Chase Lawrence: I read another article on factory workers being threatened with being fired after they voiced concerns and asked if they could leave at the Mayfield, Kentucky candle factory, which was also smashed in the storm. Do you know of the concerns being voiced at the Amazon plant by workers before the tornado hit?
Rachel Cope: I do, drivers were wanting to go home but they were telling them they could not and had to come back to the warehouse even though sirens were actively going off. My father worked in the same building and he was on the phone with my brother right before the building collapsed and my brother was going to warn the incoming drivers to get inside to the shelter since they had not been allowed to get to their own shelter.
Sirens had sounded twice before the tornado hit and there is no reason that employees were not allowed to get to the shelter after the first siren and severe weather warning.
CL: It’s really reckless and criminal what they did, especially even after the sirens went off twice. Did Amazon say anything preceding the storm? There were weather reports days out from the National Weather Service and local news warning of tornadoes on Friday night, so they must have been well aware of the risk.

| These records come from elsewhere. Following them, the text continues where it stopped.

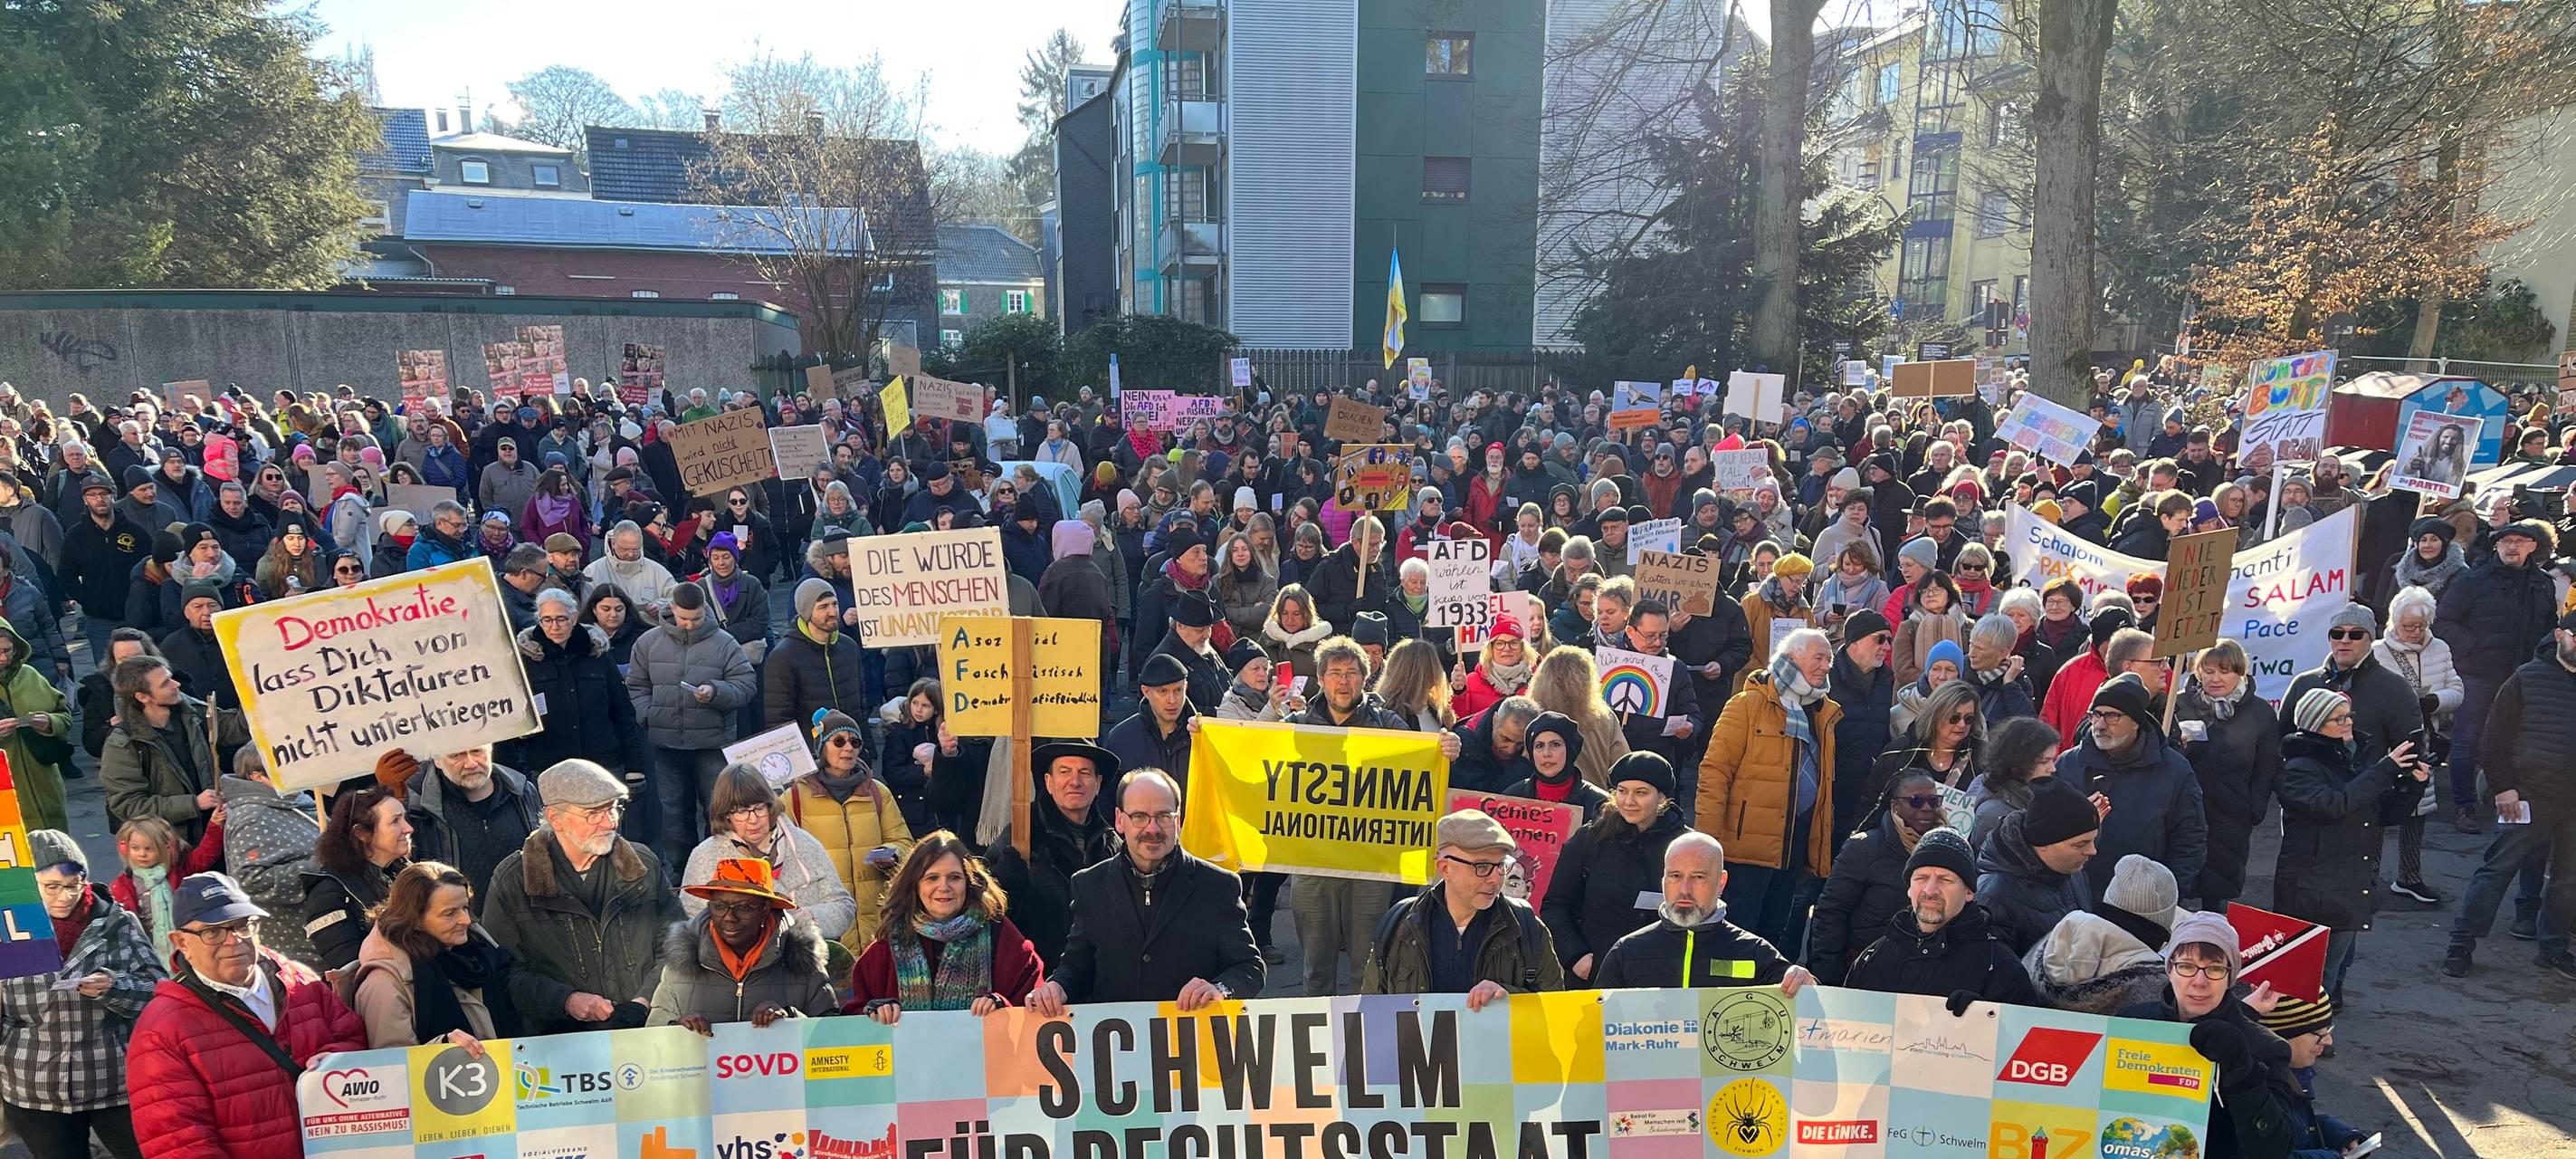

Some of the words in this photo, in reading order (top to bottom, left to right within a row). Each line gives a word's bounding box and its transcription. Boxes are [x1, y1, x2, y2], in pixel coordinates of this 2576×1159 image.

[920, 380, 951, 393] NAZIS
[1123, 391, 1150, 401] NEIN
[2247, 377, 2327, 416] BUNT
[1137, 401, 1154, 411] AFD
[1156, 403, 1168, 412] ist
[1187, 407, 1216, 416] RISIKEN
[674, 425, 696, 441] MIT
[704, 412, 754, 437] NAZIS
[1338, 410, 1374, 426] DRACHEN
[2245, 412, 2324, 444] STATT
[683, 445, 705, 461] wird
[712, 438, 736, 453] nicht
[683, 447, 774, 487] GEKUSCHELT!
[2409, 478, 2450, 494] PARTEI
[1434, 541, 1488, 560] AFD
[2029, 526, 2104, 567] Schalom
[2183, 541, 2214, 565] NIE
[867, 548, 903, 575] DIE
[913, 541, 996, 571] WÜRDE
[1643, 553, 1709, 573] NAZIS
[2039, 556, 2077, 580] PAX
[1435, 564, 1484, 579] wählen
[1639, 570, 1672, 586] hatten
[2166, 565, 2216, 593] WIEDER
[858, 588, 892, 606] DES
[892, 577, 999, 607] MENSCHEN
[1449, 580, 1467, 590] ist
[2244, 568, 2345, 608] SALAM
[1640, 588, 1682, 612] WAR
[2174, 590, 2205, 615] IST
[274, 583, 468, 651] Demokratie,
[1437, 601, 1488, 626] 1933
[860, 620, 879, 638] IST
[2245, 618, 2299, 639] Pace
[253, 664, 316, 694] lass
[316, 638, 393, 676] Dich
[414, 631, 468, 656] von
[1599, 652, 1620, 666] Wir
[1623, 656, 1646, 667] sind
[307, 662, 491, 713] Diktaturen
[272, 721, 341, 767] nicht
[350, 695, 514, 748] unterkriegen
[1480, 798, 1553, 824] Genies
[1605, 1021, 1680, 1037] Diakonie
[1606, 1039, 1680, 1051] Mark-Ruhr
[2118, 1049, 2151, 1060] Freie
[811, 1055, 850, 1066] AMNESTY
[1035, 1011, 1462, 1118] SCHWELM
[1709, 1045, 1786, 1069] SCHWELM
[811, 1066, 850, 1074] INTERNATIONAL
[2011, 1060, 2068, 1082] DGB
[2116, 1059, 2202, 1078] Demokraten
[341, 1080, 380, 1097] AWO
[438, 1063, 487, 1100] K3
[560, 1071, 612, 1094] TBS
[2179, 1078, 2199, 1087] FDP
[517, 1102, 549, 1111] Technische
[306, 1116, 320, 1125] FÜR
[322, 1116, 337, 1124] UNS
[339, 1114, 358, 1123] OHNE
[361, 1110, 406, 1121] ALTERNATIVE:
[307, 1127, 330, 1138] NEIN
[335, 1125, 348, 1135] ZU
[351, 1120, 407, 1133] RASSISMUS!
[419, 1133, 444, 1143] LEBEN
[450, 1128, 476, 1139] LIEBEN
[483, 1125, 510, 1135] DIENEN
[1802, 1125, 1825, 1140] DIE
[1887, 1128, 1907, 1139] FeG
[1940, 1134, 1987, 1150] Schwelm
[522, 1146, 587, 1157] SOZIALVERBAND
[717, 1136, 771, 1159] vhs

RC: There is no reason people should have been scrambling last minute to get to shelter. There should be protocol in place for inclement weather, Christmas rush or not. It’s sickening. And they did not that I am aware of. Not that I am surprised.

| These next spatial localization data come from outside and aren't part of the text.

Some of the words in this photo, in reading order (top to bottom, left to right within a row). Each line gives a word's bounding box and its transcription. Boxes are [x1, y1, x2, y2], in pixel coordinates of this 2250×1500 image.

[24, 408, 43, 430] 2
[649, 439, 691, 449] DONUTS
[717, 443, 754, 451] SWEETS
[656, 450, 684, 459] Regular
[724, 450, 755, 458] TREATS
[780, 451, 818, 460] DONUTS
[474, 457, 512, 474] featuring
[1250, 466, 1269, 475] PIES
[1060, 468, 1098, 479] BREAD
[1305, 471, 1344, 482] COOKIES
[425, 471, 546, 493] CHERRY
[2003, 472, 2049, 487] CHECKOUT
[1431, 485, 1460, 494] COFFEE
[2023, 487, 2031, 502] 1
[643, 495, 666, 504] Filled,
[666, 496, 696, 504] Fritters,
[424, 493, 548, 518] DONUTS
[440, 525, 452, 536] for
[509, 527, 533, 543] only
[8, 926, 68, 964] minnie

CL: What are workers at the plant saying about the collapse, or sort of the general feeling or sentiment?
RC: They are feeling unsafe and not protected, from what I have heard.
CL: Did you hear about Jeff Bezos’s response to the warehouse collapse, which was on Saturday?
RC: I did not, I was not expecting much from him.
CL: Well, you would be correct. He sent some boilerplate response Saturday evening, only after celebrating the landing of his space tourism-vehicle Blue Origin, and an earlier photo op that day. He also had a party set up that day, but since he was in West, Texas that morning it is not known if he attended it. His tweet did not go over well.
RC: What an empty response to building a work culture of profits over livelihood. Workers were too afraid of being reprimanded by the company around the holidays that they did not think about their lives being in danger, and that should never be how someone feels in their workplace.
CL: I read your brother was rushing to help people get to safety. Could you speak to that, what was happening at the point? How were people getting to the shelter, what did that look like?
RC: There were drivers being forced to come back to the warehouse. While my dad was on the phone with my brother Clay, he was saying he was going to go and warn them to get to the shelter because they had only been told to return to the warehouse, that they could not go home or anything like that, so someone had to warn them. He was going to the other side of the building since the shelter was on the opposite side of where the drivers would be coming in to help when the building collapsed.
CL: Thank you for taking the time to speak on this. Are there any remarks or anything else you would like our readers to know?
RC: Just to be mindful of where you are shopping this year for the holidays. And to really start to think about how workers are treated and made to feel in the workplace when you are considered a low-wage worker.